La storia non viene scritta dagli eroi. Quelli fanno sempre una brutta fine.
La storia viene scritta dai contabili, dai cinici e, più spesso di quanto si ammetta, dai disillusi.
Mentre il fango delle trincee ucraine continua a inghiottire giovani ucraini e russi in un’atroce contabilità quotidiana, la vera pace, quella sporca e pragmatica che i leader europei non vogliono, sta prendendo forma a Washington, dettata da un’equazione spietata che ha più a che fare con i sondaggi elettorali in Ohio che con la sovranità dell’Ucraina.
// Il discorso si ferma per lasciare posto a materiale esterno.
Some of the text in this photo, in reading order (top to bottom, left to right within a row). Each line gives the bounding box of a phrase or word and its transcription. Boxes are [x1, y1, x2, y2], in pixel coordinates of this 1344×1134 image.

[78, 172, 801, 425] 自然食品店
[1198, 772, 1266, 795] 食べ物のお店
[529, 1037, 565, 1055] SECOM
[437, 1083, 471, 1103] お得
Si mormora di un piano in 28 punti. Un documento fantasma, un accordo segreto negoziato lontano dagli occhi indiscreti di Macron, Merz, von der Leyen, sempre più irrilevanti.
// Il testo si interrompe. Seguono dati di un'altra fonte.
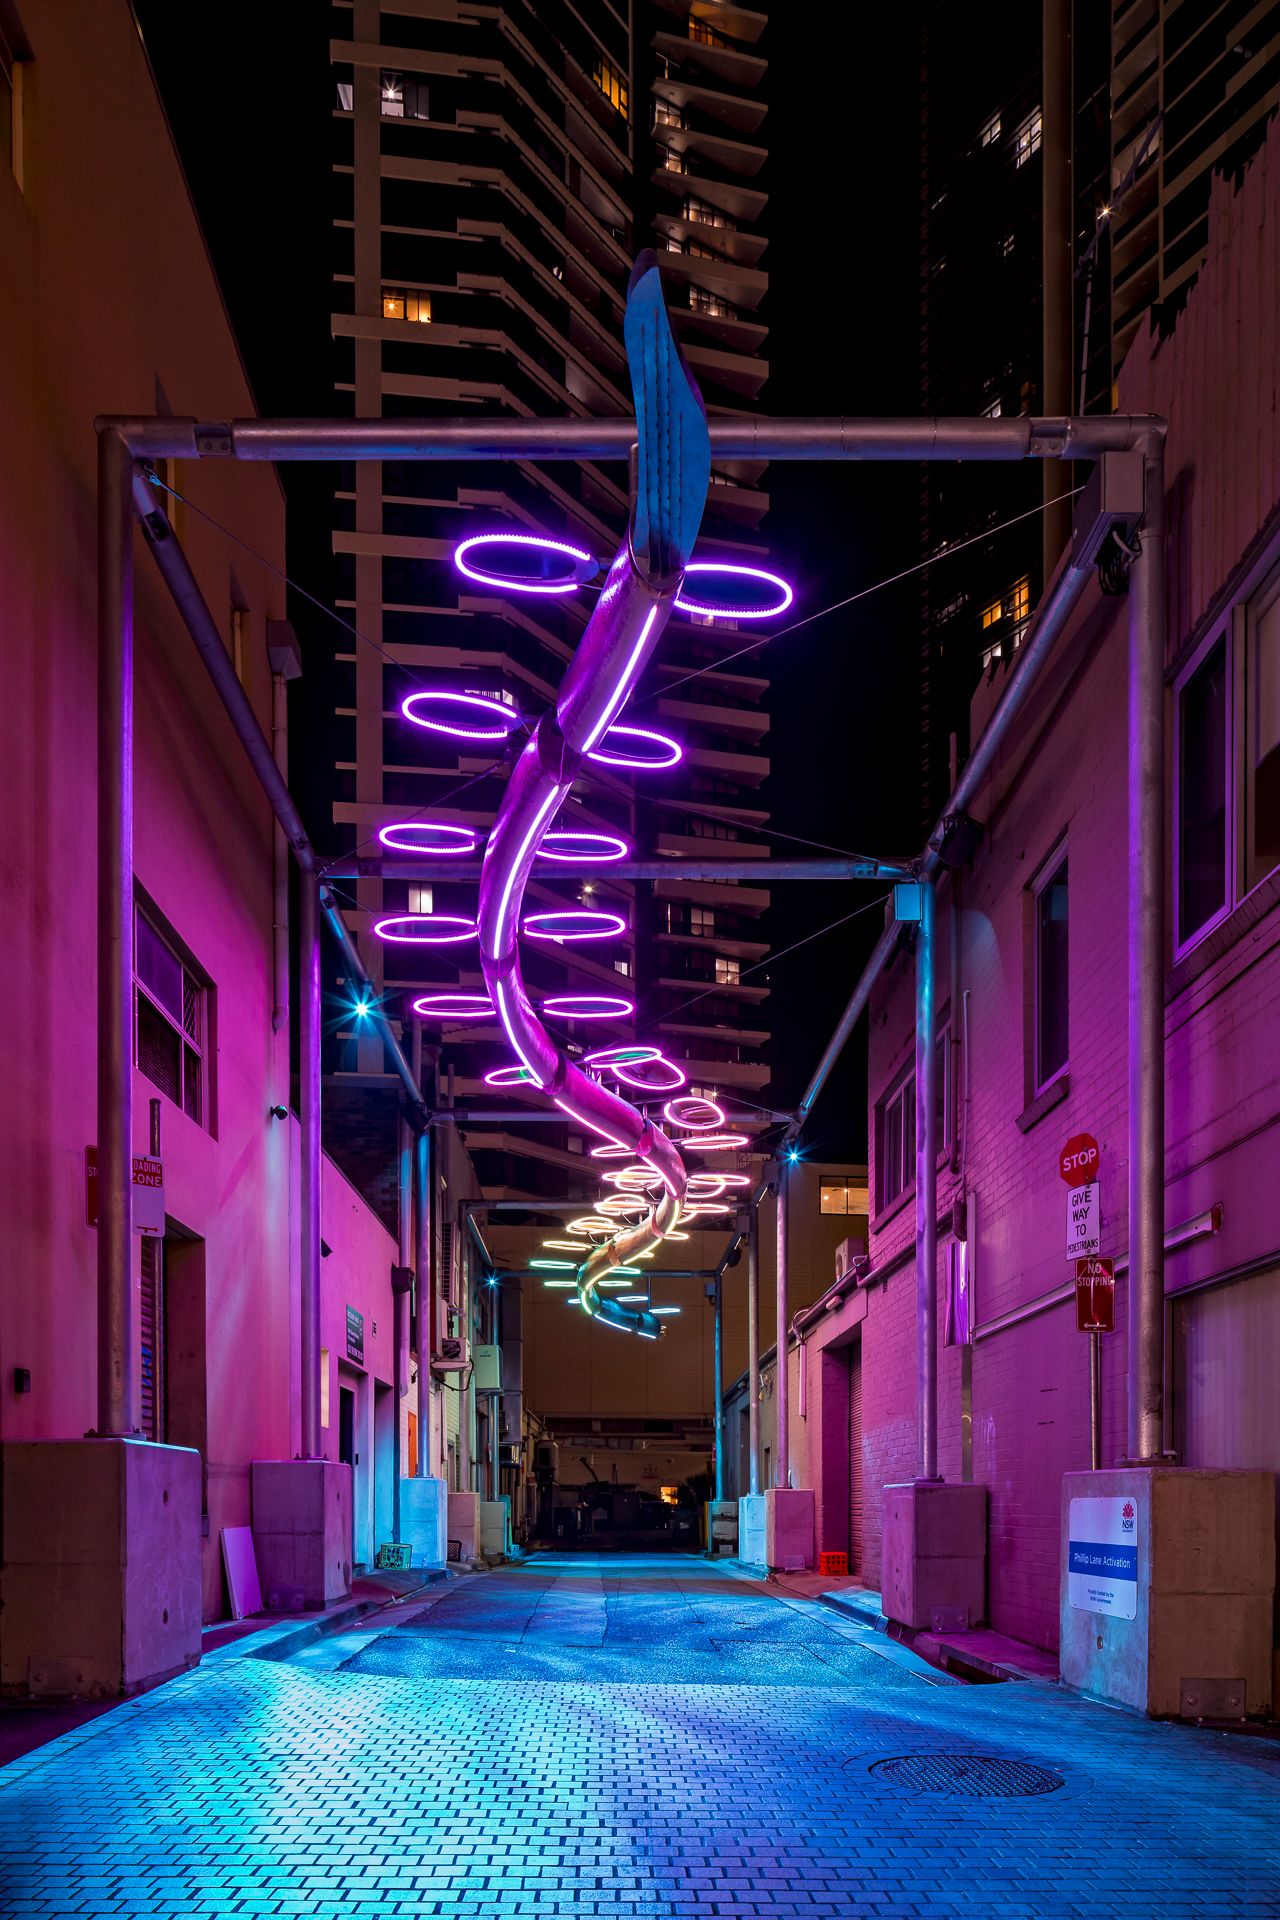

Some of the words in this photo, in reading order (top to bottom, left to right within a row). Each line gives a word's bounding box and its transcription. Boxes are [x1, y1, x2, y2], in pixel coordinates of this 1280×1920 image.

[1063, 1148, 1097, 1171] STOP
[131, 1161, 161, 1174] OADING
[131, 1173, 162, 1187] ZONE
[1072, 1191, 1092, 1207] GIVE
[1073, 1207, 1090, 1222] WAY
[1076, 1223, 1087, 1237] TO
[1068, 1239, 1098, 1253] PEDESTRIANS
[1088, 1263, 1102, 1274] NO
[1122, 1520, 1133, 1529] NSW
[1075, 1553, 1089, 1565] Phillip
[1090, 1555, 1102, 1565] Lane
[1103, 1556, 1130, 1568] Activation
Gli Stati Uniti e la Russia stanno definendo i termini della resa ucraina, e a Zelenskyy, come all’Unione Europea, verrà presentato il conto a cose fatte.
Perché la guerra è tra USA e Russia e l’Ucraina presta “solo” il campo di gioco e gli uomini da mandare al macero.
Ma perché adesso? Perché questo scatto verso la diplomazia del disimpegno?
LA GEOMETRIA VARIABILE DEGLI INTERESSI
La guerra, per l’Occidente, è stata un investimento. Un massiccio investimento finanziario, militare e, soprattutto, narrativo.
Abbiamo investito nella favola di Davide contro Golia, del baluardo della democrazia contro la tirannia. Ma ogni investimento richiede un ritorno, o quantomeno una sua giustificazione. E qui, il castello di carte crolla.
Notizie, sempre più insistenti, di corruzione sistemica a Kiev – i famigerati “cessi d’oro”, metafora grottesca di un sistema che marcisce dall’interno – hanno compiuto ciò che l’artiglieria russa non è riuscita a fare: hanno eroso la credibilità dell’investimento.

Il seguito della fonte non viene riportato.